Lire Belle du Seigneur, c’est être prêt à se faire emporter par les frissons d’une tragédie moderne. On y entre discrètement, timidement tenté par ce roman d’amour dont on nous parle tant, on joue le jeu et on est piégé, inévitablement piégé. Mille cent pages plus tard, on en ressort la tête vide, si ce n’est terriblement écœuré. Mais comme le dit François Nourissier : « Soyons francs : le jeu en valait la chandelle » !

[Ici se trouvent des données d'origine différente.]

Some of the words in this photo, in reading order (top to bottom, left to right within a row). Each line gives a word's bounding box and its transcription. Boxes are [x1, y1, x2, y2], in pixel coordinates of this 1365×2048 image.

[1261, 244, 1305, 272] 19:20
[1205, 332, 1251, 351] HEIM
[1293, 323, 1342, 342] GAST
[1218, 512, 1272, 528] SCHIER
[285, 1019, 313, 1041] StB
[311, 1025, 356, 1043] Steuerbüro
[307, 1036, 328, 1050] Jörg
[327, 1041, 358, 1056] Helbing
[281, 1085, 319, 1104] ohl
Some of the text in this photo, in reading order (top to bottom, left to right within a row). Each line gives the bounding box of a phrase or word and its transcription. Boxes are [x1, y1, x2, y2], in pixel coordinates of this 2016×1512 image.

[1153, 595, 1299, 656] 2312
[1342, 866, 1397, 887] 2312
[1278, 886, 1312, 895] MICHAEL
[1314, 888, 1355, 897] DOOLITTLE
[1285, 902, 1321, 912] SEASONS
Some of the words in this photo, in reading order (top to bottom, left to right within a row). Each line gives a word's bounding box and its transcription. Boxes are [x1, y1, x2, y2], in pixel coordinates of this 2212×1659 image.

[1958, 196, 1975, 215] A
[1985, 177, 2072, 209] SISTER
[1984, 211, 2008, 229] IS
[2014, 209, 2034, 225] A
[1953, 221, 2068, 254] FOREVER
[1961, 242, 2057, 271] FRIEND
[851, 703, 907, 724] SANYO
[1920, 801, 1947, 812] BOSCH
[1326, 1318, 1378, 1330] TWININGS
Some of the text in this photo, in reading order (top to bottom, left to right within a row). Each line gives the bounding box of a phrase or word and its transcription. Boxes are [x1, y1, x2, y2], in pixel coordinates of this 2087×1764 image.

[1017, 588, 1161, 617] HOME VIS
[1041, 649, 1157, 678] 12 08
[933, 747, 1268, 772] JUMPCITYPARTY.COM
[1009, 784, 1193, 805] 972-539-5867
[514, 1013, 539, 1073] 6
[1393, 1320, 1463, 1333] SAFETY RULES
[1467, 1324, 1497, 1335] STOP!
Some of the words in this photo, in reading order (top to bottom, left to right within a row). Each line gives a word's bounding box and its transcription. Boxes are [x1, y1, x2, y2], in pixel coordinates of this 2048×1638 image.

Albert Cohen, écrivain suisse, fait publier ce chef d’œuvre  en 1968. On peut dire que le succès opère : la même année, il reçoit le grand prix du roman de l’Académie française. Troisième volet d’une tétralogie composée de Solal (1930) et de Mangeclous (1938), ce roman nous renvoie dans le Genève des années 1930’, pendant l’entre-deux-guerres, période à laquelle la première ébauche du récit est rédigée. On assiste alors à de longues descriptions, rythmées par une ironie sarcastique, de l’atmosphère sociale, tout en suivant le quotidien d’Adrien Deume, jeune employé belge de la Société des Nations  qui ne jure que par l’importance d’avoir des « relations ». Et pourtant, s’il savait, ce jeune naïf, que derrière ces dîners, cocktails et réceptions qu’on organise entre personnalités haut placées, se dégage une infâme lâcheté où les masques se multiplient ! Et pire…S’il savait que son ascension sociale n’était autre qu’un artifice permettant  au grand Solal – sous-secrétaire général de la Société des Nations-  de lui voler sa femme, la parfaite Ariane d’Auble !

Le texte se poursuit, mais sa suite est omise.